Revenue stamps are stamps used to designate collected taxes and fees. They are issued by governments, national and local, and by official bodies of various kinds. They take many forms and may be gummed and ungummed, perforated or imperforate, printed or embossed, and of any size. In many countries, they are as detailed in their design as banknotes; they are often made from the same type of paper. The high value of many revenue stamps means that they may contain security devices to prevent counterfeiting.

The Revenue Society has defined revenue stamps as " ...stamps, whether impressed, adhesive or otherwise, issued by or on behalf of International, National or Local Governments, their Licensees or Agents, and indicate that a tax, duty or fee has been paid or prepaid or that permission has been granted."

== History ==
In the thirteenth and fourteenth centuries, Mogol tax collectors imposed a commercial tax on goods sold in cities or transported through city gates. After the tax was paid, they marked the goods with a seal (tamgha) as proof of payment. These officials were known in Mongolian as tamghachi ("seal/stamp presser").

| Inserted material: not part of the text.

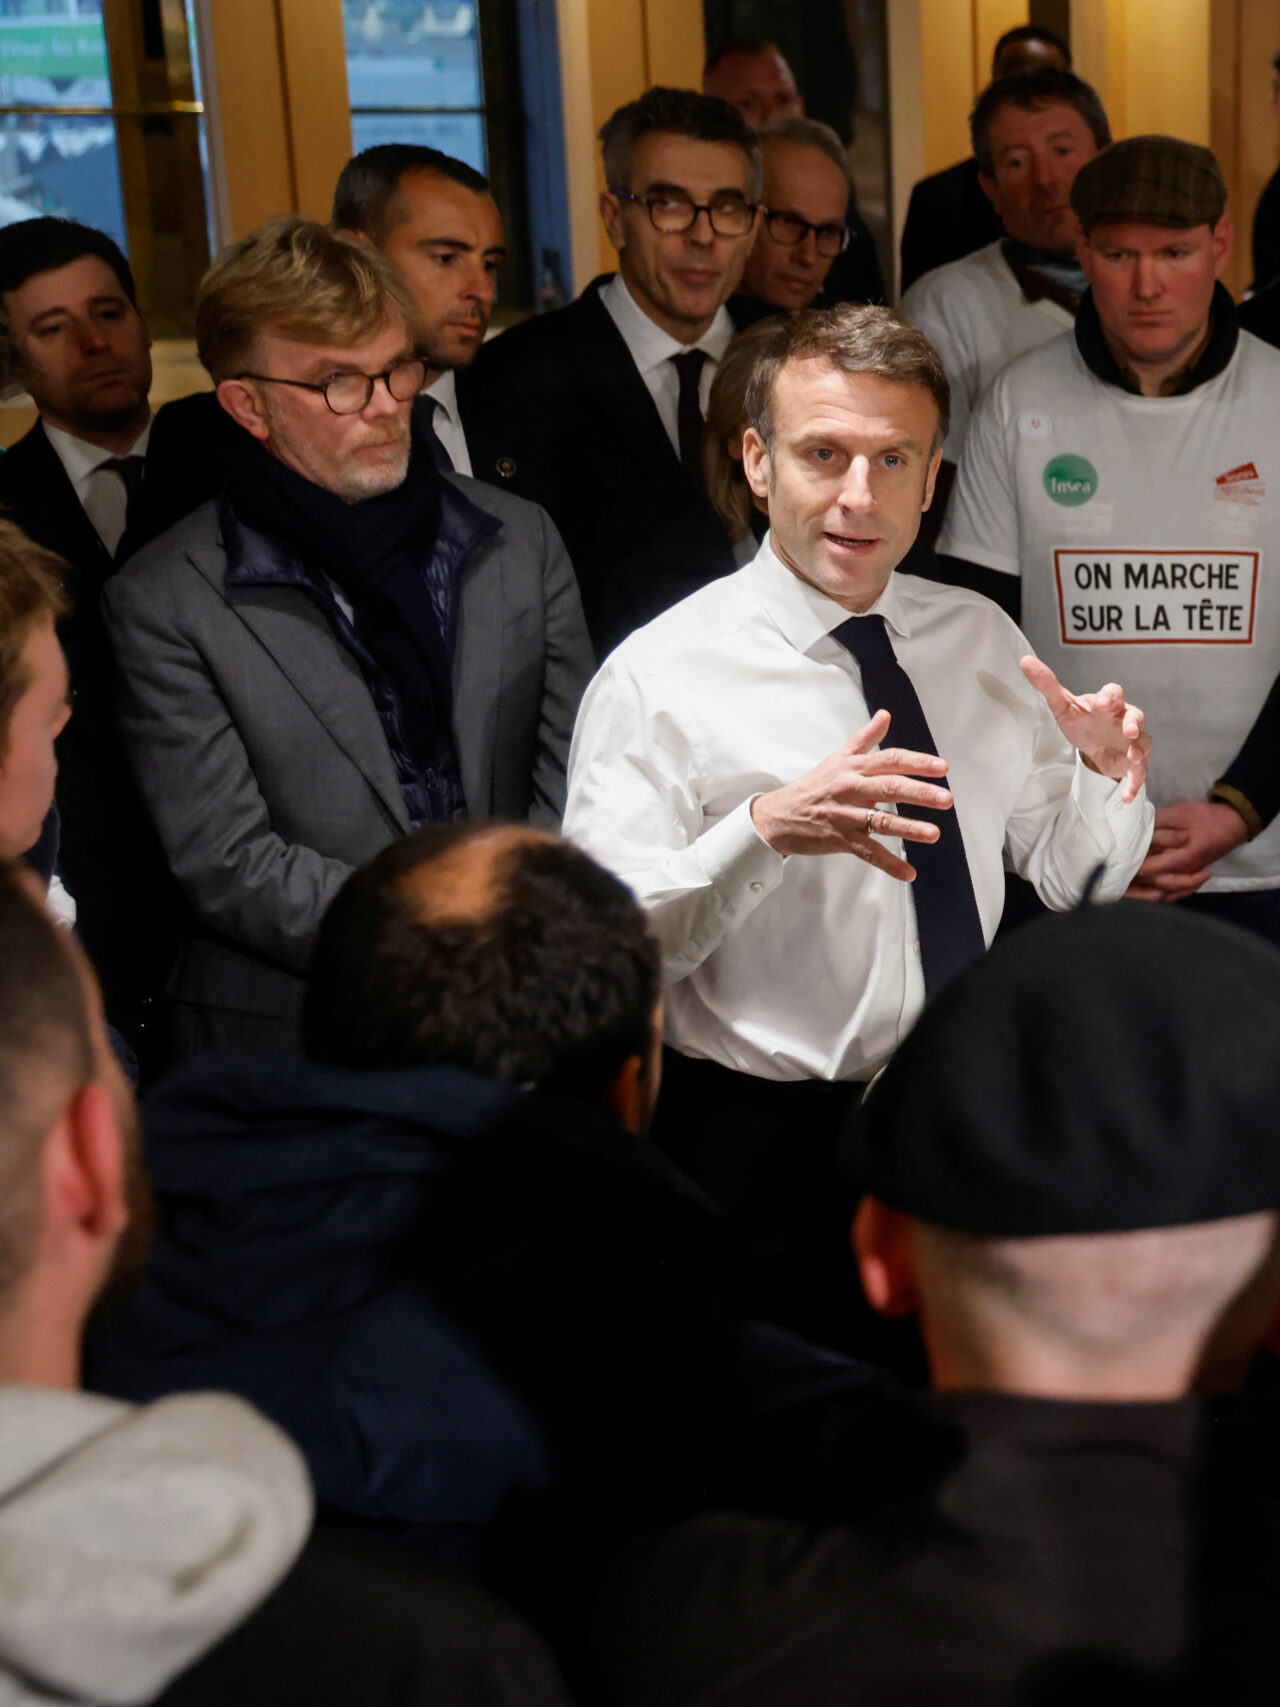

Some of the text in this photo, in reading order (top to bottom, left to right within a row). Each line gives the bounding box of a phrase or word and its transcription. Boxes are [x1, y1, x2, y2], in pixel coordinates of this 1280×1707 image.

[1074, 563, 1240, 589] ON MARCHE
[1071, 598, 1243, 631] SUR LA TÊTE

In the Ottoman Empire, Damga resmi was already in use by the sixteenth century. Records of tax revenue from stamps for silk provide evidence of changes in silk production over time.

The use of revenue stamps goes back further than that of postage stamps (first used in 1840); the stamps of the Stamp Acts of the 18th century were revenues. Their use became widespread in the 19th century, partly inspired by the success of the postage stamp, and partly motivated by the desire to streamline government operations, the presence of a revenue stamp being an indication that the item in question had already paid the necessary fees. Revenue stamps have become less commonly seen in the 21st century, with the rise of computerization and the ability to use numbers to track payments accurately.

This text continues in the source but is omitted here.